By Anna di Stefano and Cheri Gurse

Friday, May 8, 2009

Born in England, Susan came to the United States at the age of 19 as a nanny for an Orange County family. Four years later, she married Oscar Sanchez and they had two children. Oscar’s work took them to Texas, Florida, Scotland, and Michigan before they settled in Santa Barbara in 1993.

Susan was hired by Fielding Graduate University on a temp assignment in the Human & Organizational Development program. She soon moved to the position of Assistant to the Provost, a post she held until she retired in 2007. Susan quickly became known as a well-organized, hard-working, quick-witted, consistently courteous colleague. She was disarmingly honest and direct in a non-confrontational way.

Susan never learned to drive, so Amanda and then Oscar would dutifully drop her off and picked her up each day. Dressed colorfully and simply, she was a regular for lunch in Fielding’s kitchen, where she would carefully eat her modest repast of cheese and pears while sharing her twin passions--movies and jazz--with her tablemates.

An abiding admirer of poetry, Susan especially appreciated Wild Geese by Mary Oliver, whose opening lines bespeak Susan’s sensuality and respect for self:

You do not have to be good.

You do not have to walk on your knees

for a hundred miles through the desert repenting.

You only have to let the soft animal of your body love what it loves.

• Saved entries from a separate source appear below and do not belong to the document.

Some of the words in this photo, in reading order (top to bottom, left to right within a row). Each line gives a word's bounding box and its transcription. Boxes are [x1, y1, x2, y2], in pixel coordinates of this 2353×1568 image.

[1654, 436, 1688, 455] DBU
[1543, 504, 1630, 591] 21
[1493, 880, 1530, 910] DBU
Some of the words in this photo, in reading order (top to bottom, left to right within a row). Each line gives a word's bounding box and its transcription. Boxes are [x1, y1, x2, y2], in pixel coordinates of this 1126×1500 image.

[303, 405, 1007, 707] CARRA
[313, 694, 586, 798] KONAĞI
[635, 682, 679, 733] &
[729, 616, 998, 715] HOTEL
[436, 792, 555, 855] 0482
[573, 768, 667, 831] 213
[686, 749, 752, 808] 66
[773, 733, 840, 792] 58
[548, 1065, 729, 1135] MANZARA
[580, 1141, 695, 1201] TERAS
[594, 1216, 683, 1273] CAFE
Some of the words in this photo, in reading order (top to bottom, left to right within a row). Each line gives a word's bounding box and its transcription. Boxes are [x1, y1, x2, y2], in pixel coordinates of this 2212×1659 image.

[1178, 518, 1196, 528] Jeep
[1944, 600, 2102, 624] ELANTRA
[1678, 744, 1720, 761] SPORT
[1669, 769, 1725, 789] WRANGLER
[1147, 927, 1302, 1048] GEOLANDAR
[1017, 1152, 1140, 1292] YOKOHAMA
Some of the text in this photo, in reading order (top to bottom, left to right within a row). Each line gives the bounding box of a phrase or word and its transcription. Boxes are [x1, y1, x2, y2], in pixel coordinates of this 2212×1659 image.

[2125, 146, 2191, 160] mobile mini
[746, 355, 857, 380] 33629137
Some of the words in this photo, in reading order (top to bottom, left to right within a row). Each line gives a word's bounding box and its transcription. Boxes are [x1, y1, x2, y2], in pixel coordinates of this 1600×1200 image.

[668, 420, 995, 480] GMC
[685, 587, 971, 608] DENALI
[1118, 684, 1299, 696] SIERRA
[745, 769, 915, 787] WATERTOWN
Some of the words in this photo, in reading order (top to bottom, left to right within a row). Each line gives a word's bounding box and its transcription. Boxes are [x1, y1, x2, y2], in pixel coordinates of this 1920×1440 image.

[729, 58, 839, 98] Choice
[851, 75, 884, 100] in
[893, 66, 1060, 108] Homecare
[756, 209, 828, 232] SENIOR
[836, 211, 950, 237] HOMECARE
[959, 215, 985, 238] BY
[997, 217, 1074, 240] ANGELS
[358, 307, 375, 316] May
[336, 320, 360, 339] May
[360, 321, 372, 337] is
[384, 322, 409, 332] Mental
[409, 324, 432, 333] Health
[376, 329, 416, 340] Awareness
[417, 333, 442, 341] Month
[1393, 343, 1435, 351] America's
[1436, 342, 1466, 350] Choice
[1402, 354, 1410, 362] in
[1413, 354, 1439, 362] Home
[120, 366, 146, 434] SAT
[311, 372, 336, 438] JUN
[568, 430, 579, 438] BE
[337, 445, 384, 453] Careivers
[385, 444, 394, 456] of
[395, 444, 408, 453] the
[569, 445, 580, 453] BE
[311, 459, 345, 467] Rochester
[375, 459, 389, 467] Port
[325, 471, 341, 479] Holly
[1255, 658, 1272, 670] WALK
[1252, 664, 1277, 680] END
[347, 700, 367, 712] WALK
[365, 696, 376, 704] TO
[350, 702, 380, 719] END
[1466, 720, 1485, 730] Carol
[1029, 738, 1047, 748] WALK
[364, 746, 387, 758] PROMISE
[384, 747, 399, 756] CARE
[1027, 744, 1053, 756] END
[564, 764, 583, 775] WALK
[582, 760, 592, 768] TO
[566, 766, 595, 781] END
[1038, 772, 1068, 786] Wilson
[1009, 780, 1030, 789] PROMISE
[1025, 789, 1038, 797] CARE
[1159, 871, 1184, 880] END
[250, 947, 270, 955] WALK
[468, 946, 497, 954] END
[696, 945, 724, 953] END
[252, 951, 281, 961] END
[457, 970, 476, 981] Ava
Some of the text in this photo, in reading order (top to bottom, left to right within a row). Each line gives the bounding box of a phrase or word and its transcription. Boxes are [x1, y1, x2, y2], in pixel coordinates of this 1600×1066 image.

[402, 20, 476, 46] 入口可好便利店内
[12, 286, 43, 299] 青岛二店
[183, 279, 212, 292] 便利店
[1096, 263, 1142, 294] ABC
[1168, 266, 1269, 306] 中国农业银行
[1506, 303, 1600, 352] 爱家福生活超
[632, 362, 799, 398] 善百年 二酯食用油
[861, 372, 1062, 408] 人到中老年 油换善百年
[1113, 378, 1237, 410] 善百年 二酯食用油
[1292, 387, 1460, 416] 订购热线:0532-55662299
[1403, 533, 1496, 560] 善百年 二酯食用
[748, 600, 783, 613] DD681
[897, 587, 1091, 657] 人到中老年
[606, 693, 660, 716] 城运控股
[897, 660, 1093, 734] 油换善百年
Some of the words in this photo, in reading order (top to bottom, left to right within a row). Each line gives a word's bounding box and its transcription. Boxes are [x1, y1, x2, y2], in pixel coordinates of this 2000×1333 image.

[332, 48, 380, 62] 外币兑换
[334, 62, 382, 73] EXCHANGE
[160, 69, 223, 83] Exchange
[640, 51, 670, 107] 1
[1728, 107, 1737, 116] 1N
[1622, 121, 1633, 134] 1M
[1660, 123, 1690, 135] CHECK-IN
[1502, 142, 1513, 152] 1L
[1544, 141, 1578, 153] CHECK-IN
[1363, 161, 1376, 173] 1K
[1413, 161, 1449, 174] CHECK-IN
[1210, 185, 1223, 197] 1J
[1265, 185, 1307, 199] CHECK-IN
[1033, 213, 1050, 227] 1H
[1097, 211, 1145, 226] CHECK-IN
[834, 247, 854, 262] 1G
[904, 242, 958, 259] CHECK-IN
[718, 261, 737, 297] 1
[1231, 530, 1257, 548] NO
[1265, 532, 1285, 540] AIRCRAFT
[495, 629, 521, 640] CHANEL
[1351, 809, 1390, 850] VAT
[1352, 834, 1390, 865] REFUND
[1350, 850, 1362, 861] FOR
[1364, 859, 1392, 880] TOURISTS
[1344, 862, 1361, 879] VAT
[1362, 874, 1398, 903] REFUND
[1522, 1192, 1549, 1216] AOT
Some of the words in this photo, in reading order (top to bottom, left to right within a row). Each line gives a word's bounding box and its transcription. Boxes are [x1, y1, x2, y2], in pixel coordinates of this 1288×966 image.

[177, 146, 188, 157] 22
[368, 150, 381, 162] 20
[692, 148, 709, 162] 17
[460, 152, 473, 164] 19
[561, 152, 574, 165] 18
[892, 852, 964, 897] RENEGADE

Susan believed in beauty and found it in the smallest, most quiet and unassuming experiences. “I really feel that without beauty life is nothing but existence,” she wrote. “We have to recognize it, grasp at it when it appears, pursue it, or search for it, and often really persevere to get to the point where we can truly appreciate it. I don't necessarily mean the obvious beauty of music or art, but… the beauty of an instrument, talent, or an action promoting the general good, as well as the beauty of the effects of the creation upon the environment.”

Susan Sanchez
Click to enlarge photo

Susan Sanchez

Susan was a talented artist working in the medium of needlepoint. Her abstracts were clever, bright, and meaningful. They were prized as gifts to mark special occasions and sought-after items for the School of Educational Leadership & Change’s silent auctions. She was also an avid collector of teapots and accessories and delicate glass objects. Consistent, perhaps, with her English roots, Susan loved the quiet pleasure of a garden with its birds and flowers.

In 2001, she was diagnosed with Bells Palsy, which permanently altered her lovely smile. Perhaps, more importantly, it led to the discovery of an unrelated brain tumor. Fortunately, it was benign and after its removal, Susan recovered well, but it was a frightening time for her and family and friends. In late 2005, she was diagnosed with ovarian cancer. After surgery and chemotherapy, she was cancer-free for two years before cancerous tumors were found in her abdomen in June 2008. The last ten months were difficult, but she went through them with characteristic clarity of purpose and strength of will.

In September 2008, she emailed her friends a list of “places that I go over and over.” Susan chose “Shoreline Park, Amazon.com, the doctors, and memory lane.”

Her email tag line embodied her English wit and humor: “Let us take a dish of tea and talk of absurdities."

There will be a Celebration of Susan’s Life on Monday, May 11, at 4 p.m. Parish Hall at the Unitarian Society at 1535 Santa Barbara St, Santa Barbara.